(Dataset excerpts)
○ ○ ○ ○ ○
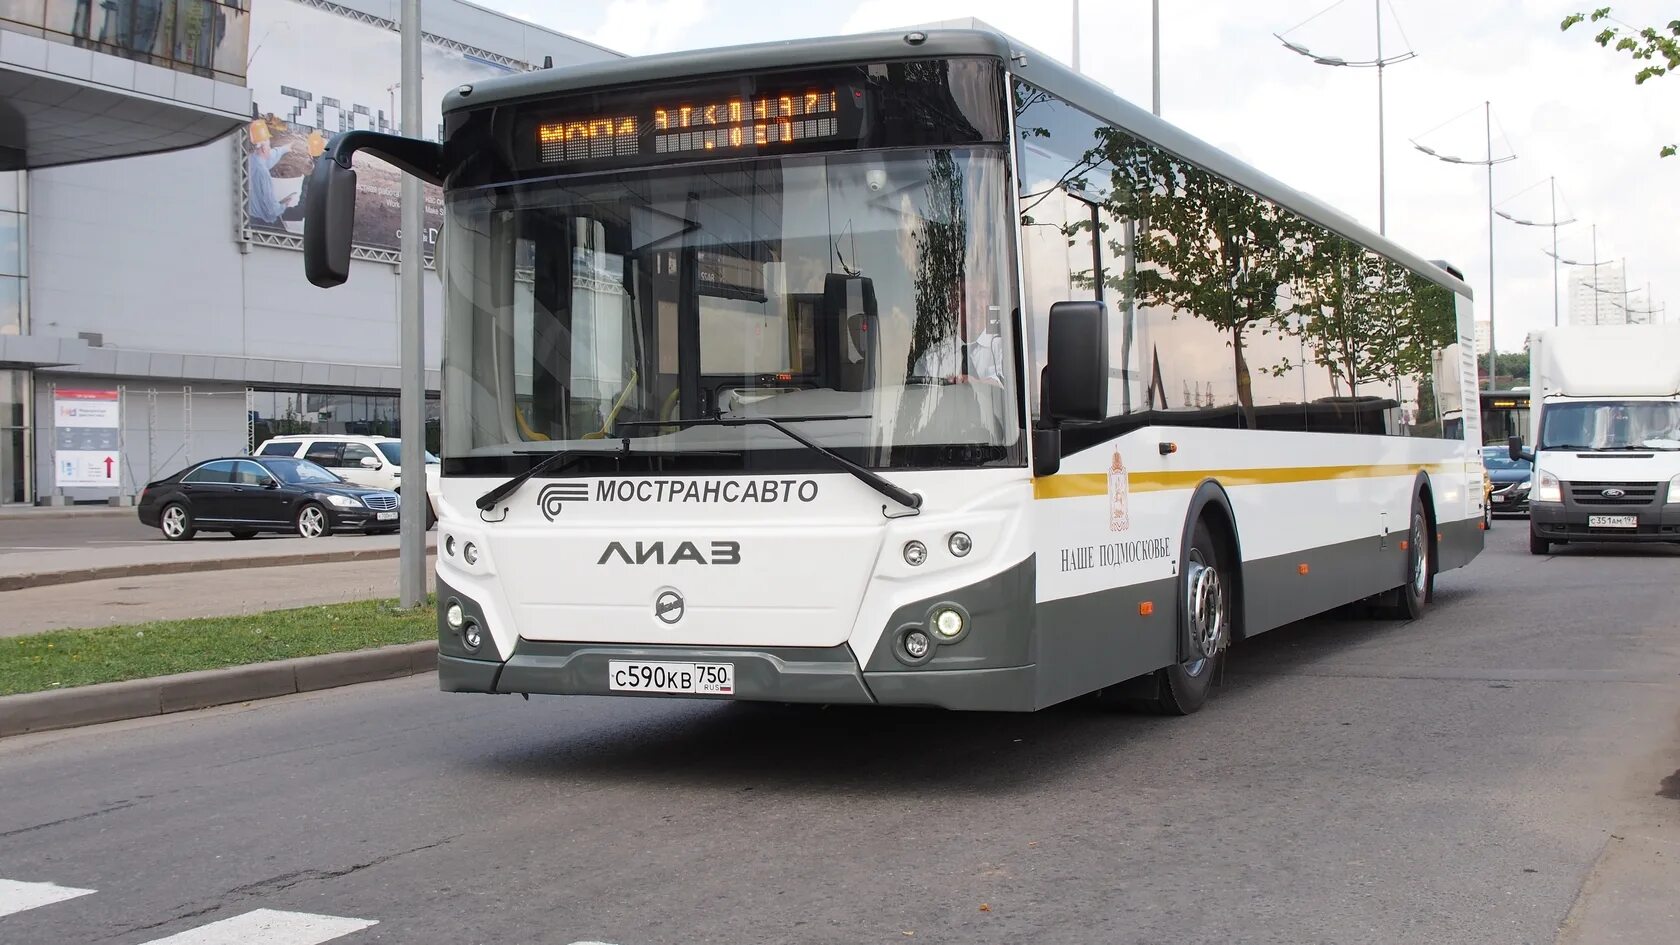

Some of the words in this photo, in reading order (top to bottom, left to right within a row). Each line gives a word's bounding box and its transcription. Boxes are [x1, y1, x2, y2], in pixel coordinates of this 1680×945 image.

[596, 480, 819, 502] МОСТРАНСАВТО
[597, 541, 741, 565] ЛИАЗ
[1061, 546, 1095, 572] НАШЕ
[1099, 537, 1170, 568] ПОДМОСКОВЬЕ
[696, 666, 727, 684] 750
○ ○ ○ ○ ○
* **Problem statement**
Set down the records in full and exactly. Do not carry over any image.

* **Final answer**
Some of the words in this photo, in reading order (top to bottom, left to right within a row). Each line gives a word's bounding box and its transcription. Boxes are [x1, y1, x2, y2], in pixel coordinates of this 1680×945 image.

[596, 480, 819, 502] МОСТРАНСАВТО
[597, 541, 741, 565] ЛИАЗ
[1061, 546, 1095, 572] НАШЕ
[1099, 537, 1170, 568] ПОДМОСКОВЬЕ
[696, 666, 727, 684] 750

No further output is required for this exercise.